A Fordham cybersecurity conference was the site for a White House announcement today that a new presidential directive will shore up the federal government’s response to cyber threats.
The new policy delineates the role that government agencies will play going forward in preventing and responding to potential as well as active cybersecurity incidents, said Lisa Monaco, assistant to the president for homeland security and counterterrorism. She made her remarks at the opening session of the International Conference on Cyber Security (ICCS), cosponsored by Fordham and the FBI.
“[The policy] commits to unifying the government’s response across agencies, and it emphasizes that our response will be focused on helping victims of cyber incidents recover quickly,” Monaco said.
“This directive establishes a clear framework to coordinate the government’s response to such incidents. It spells out which federal agencies are responsible. And it will help answer a question heard too often from corporations and citizens alike—in the wake of an attack, who do I call for help?”
The FBI will lead responses to any immediate threat (just as it does in cases of terrorism, Monaco said) to find out whether those responsible are terrorists, other countries, or criminals.
The Department of Homeland Security will assist the victims of an attack or intrusion, supplying federal resources to aid recovery and providing technical assistance to protect the attacked organization’s assets, bring systems back online, and decrease vulnerabilities.
Finally, the newly formed Cyber Threat Intelligence Integration Center (CTIIC), which operates under the Director of National Intelligence, will serve as the point agency for all cyber-related intelligence. Having a single entity integrating and analyzing this information will allow for more rapid and streamlined efforts to disrupt threats, Monaco said.
“In all these efforts, the framework we apply when considering the use of cyber operations is quite similar to how we approach other operations in the physical world. Any actions we take must be consistent with our values, and after we assess the potential for collateral damage and consider other potential options. We consider the likely reaction of the target, our allies, and other countries who may be affected, and we consider whether the effects of a cyber operation could lead to escalation and greater conflict,” she said.

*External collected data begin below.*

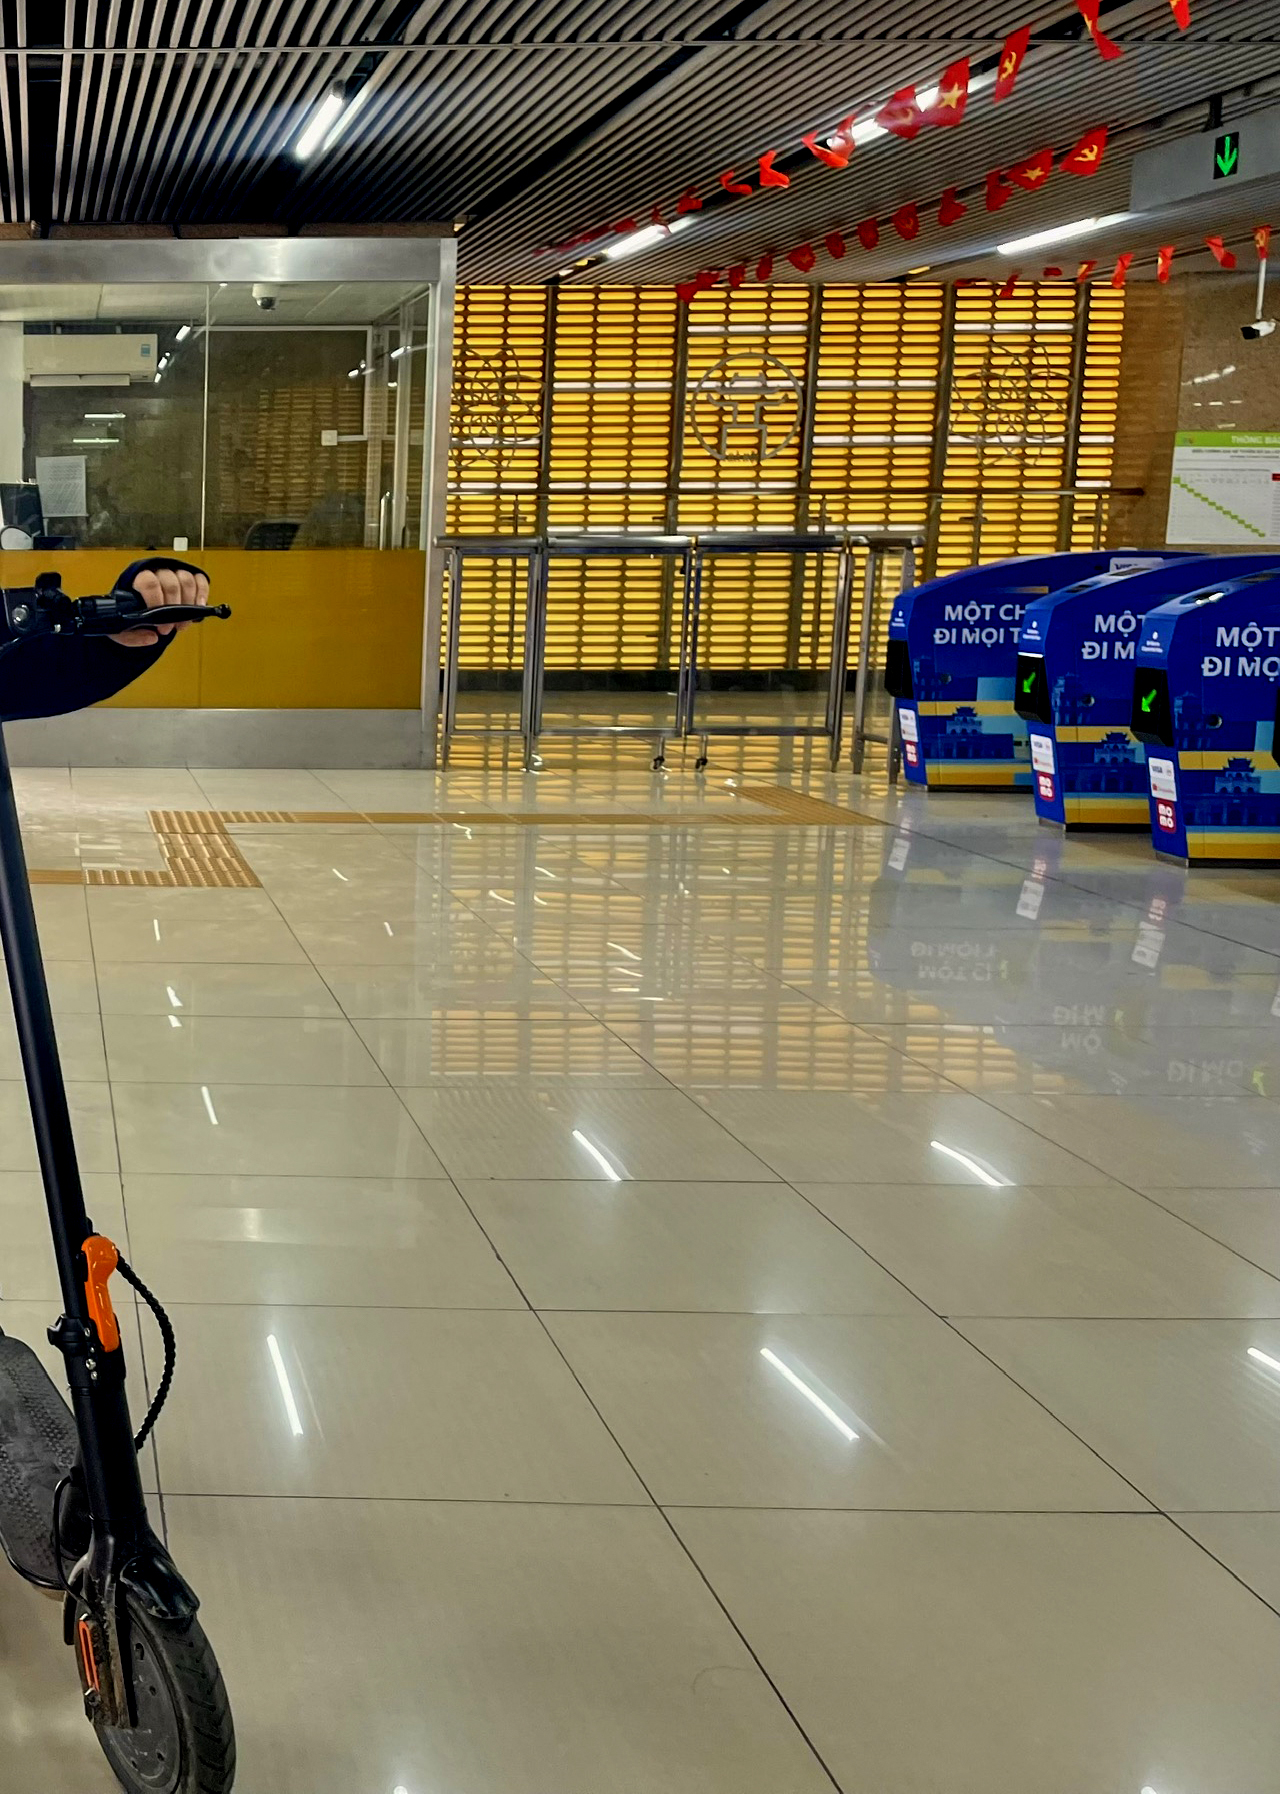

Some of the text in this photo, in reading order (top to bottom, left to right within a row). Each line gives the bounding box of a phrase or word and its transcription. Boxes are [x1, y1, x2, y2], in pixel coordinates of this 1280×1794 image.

[944, 600, 995, 625] MỘT
[933, 627, 957, 645] ĐI
[961, 627, 1005, 648] MỌI
[1216, 621, 1280, 653] MỘT
[1081, 641, 1108, 660] ĐI
[1201, 656, 1231, 677] ĐI

“I believe we can do this. Humans invented cyberspace and we can manage the challenges it generates. Over the past seven and a half years, we’ve made tremendous progress. The framework and actions we’re putting in place today are another strong step forward.”

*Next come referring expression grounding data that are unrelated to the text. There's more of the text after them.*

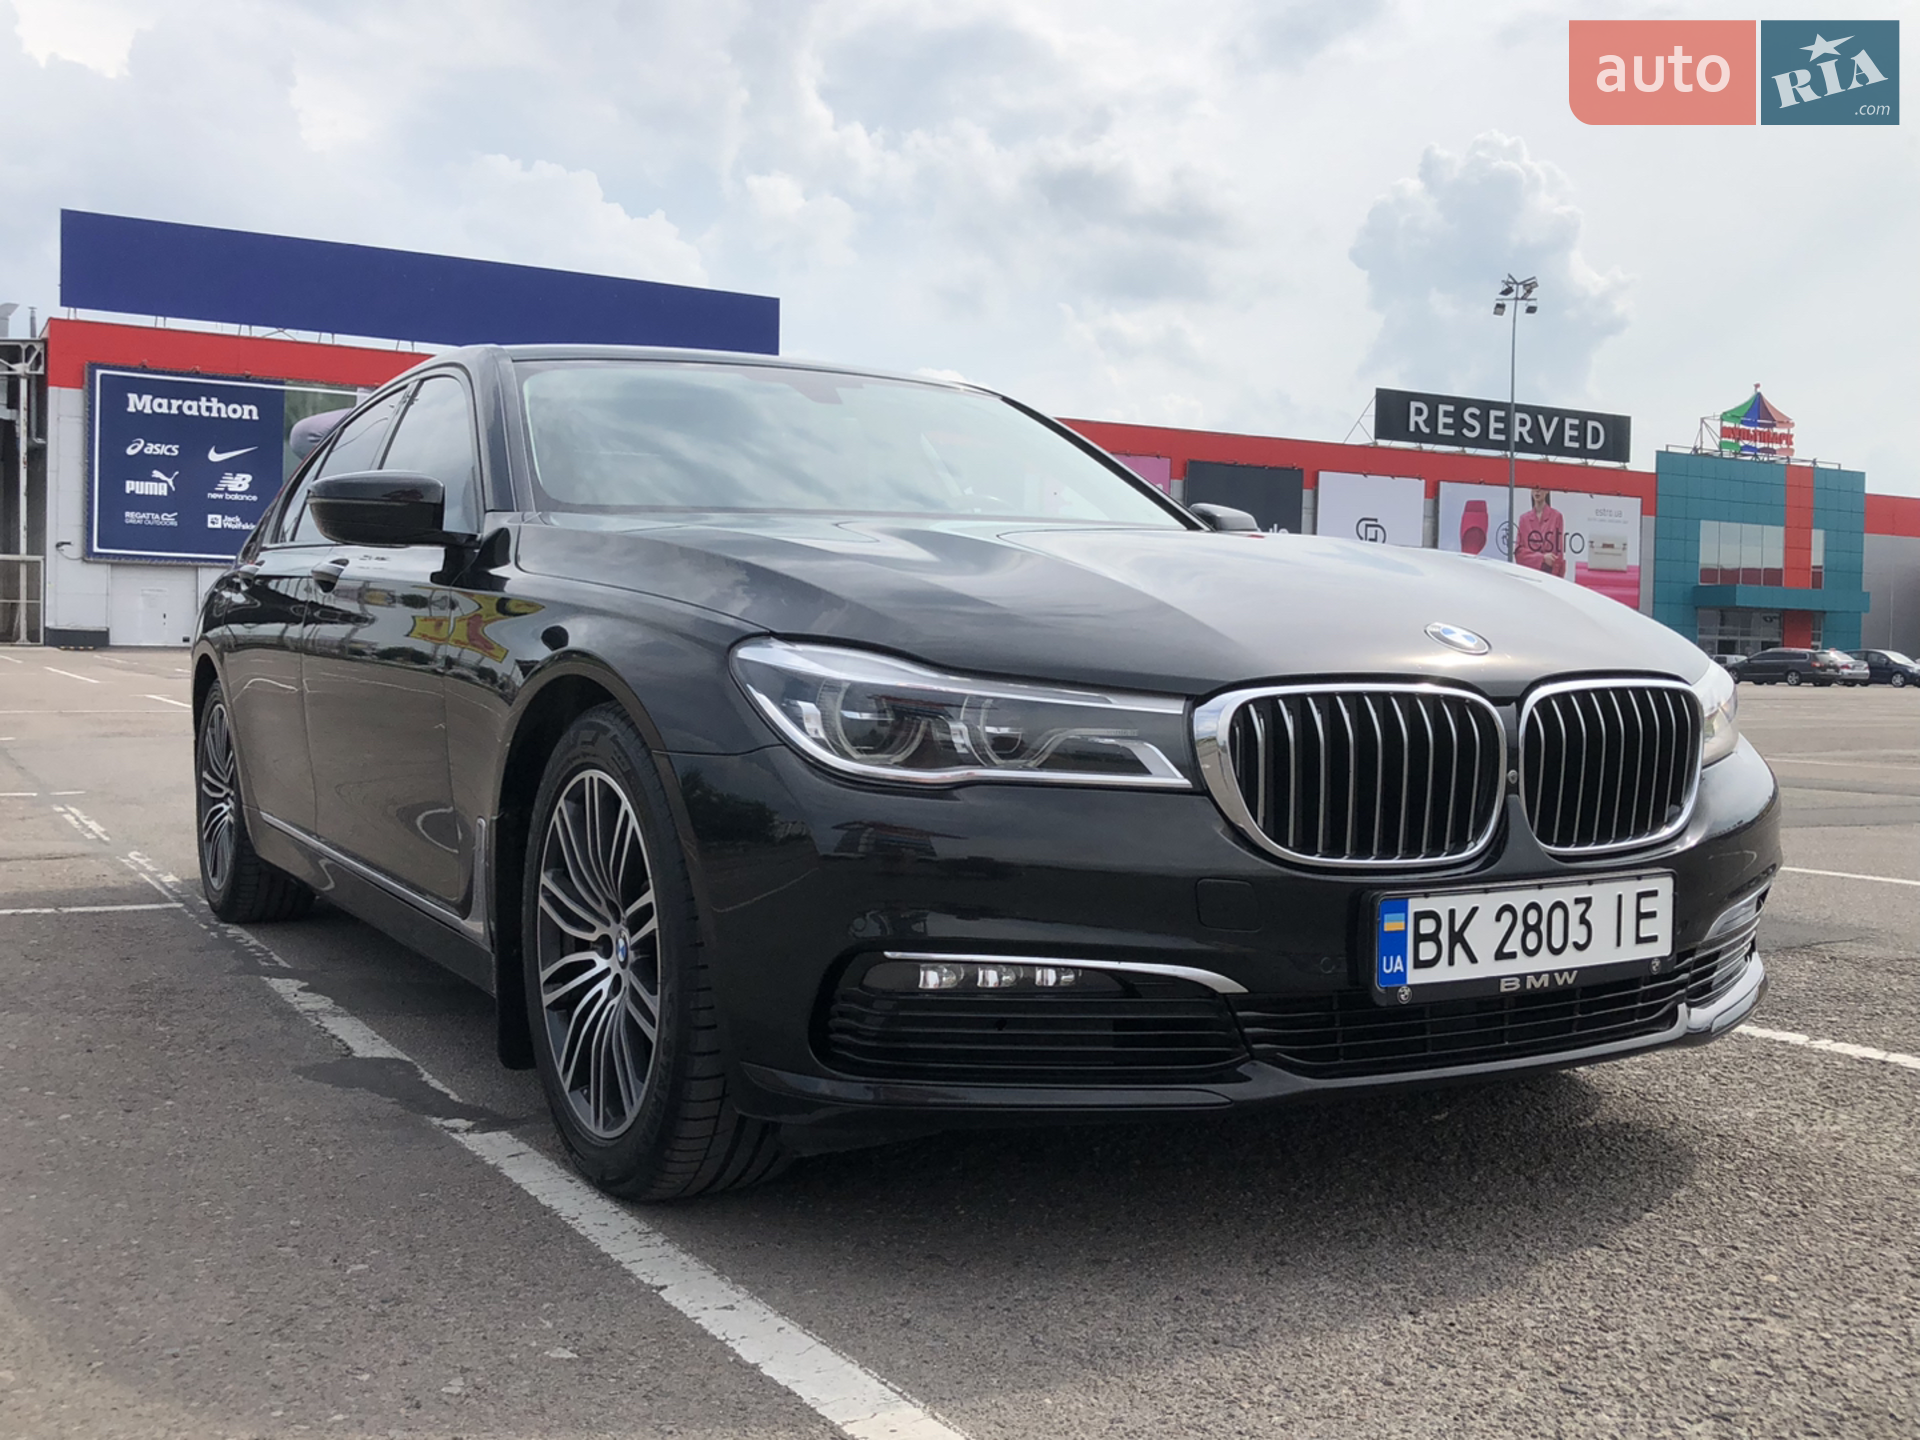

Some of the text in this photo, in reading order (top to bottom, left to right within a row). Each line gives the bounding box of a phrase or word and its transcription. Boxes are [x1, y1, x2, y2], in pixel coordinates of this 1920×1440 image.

[127, 393, 259, 420] Marathon
[1408, 400, 1605, 450] RESERVED
[144, 442, 179, 456] asics
[125, 480, 168, 496] PUMA
[225, 493, 258, 501] balance
[1527, 527, 1585, 554] estro
[1413, 889, 1659, 969] BK 2803 IE
[1383, 955, 1405, 974] UA
[1500, 970, 1579, 993] BMW

Monaco’s announcement followed the keynote address from James Trainor, assistant director of the FBI’s cyber division, who stressed the importance of collaboration in the face of cyber threats.

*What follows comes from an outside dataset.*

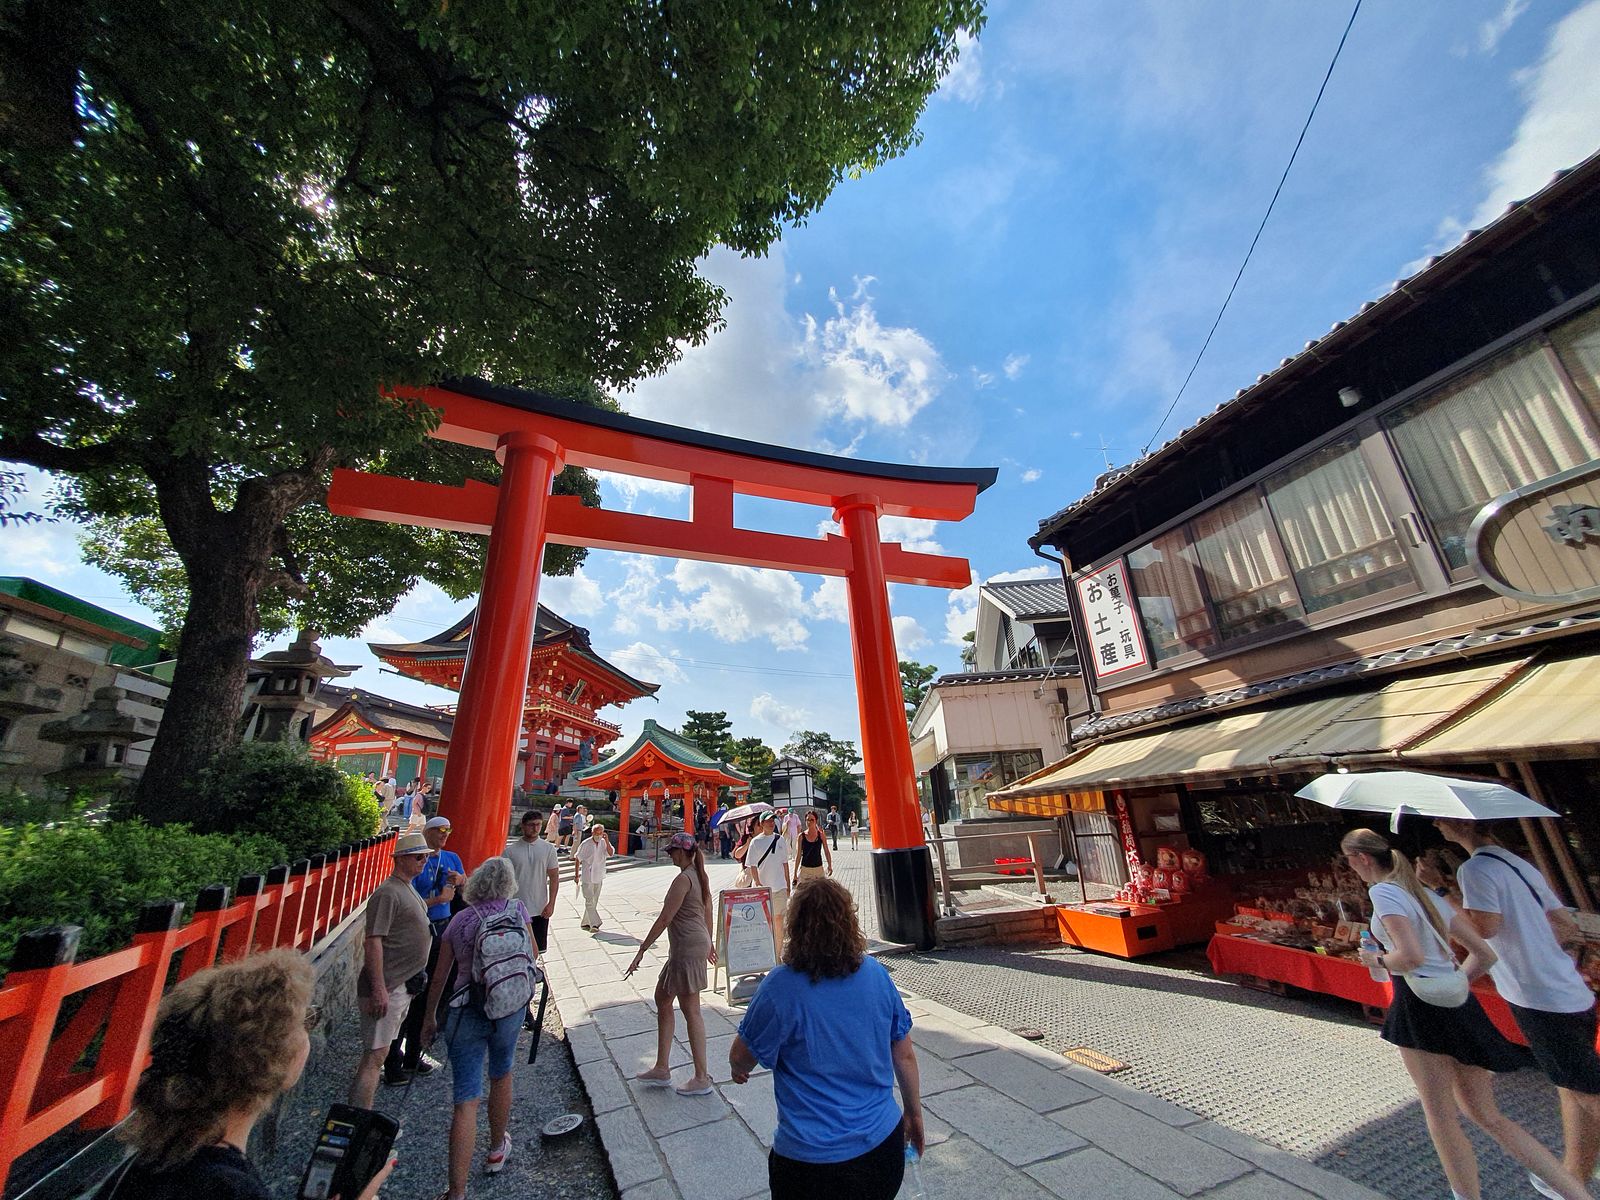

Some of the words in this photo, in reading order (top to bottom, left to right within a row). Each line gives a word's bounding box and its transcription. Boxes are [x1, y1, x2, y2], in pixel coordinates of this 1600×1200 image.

[1087, 582, 1119, 667] お土産
[1106, 573, 1136, 660] お菓子・玩具

Trainor cited the U.S. Intelligence Community’s annual Worldwide Threat Assessment, which for the last three years has ranked cyber threats as the No. 1 danger to national and economic security—a “bigger [threat]than standard forms of espionage and bigger even than terrorism,” Trainor said. “From where I stand, the issue is getting worse by the day.”
For this reason, it is critical to form strong partnerships among law enforcement, government agencies, and the private sector. The faster that a cyber threat or attack is reported to the FBI, the faster that those responsible can be caught and evidence preserved.
“We need to use indictments, engagements with foreign partners, diplomatic pressures, sanctions, technical disruption operations, and even actions taken at the World Trade Organization-level with trade operations,” Trainor said.
“In my view, pressure works… Our adversaries know we will come after them in more ways than one. The FBI is doing everything it possibly can at every level to make it harder for cyber criminals to operate. I believe that many of them are starting to think twice before putting their fingers on the keyboard.”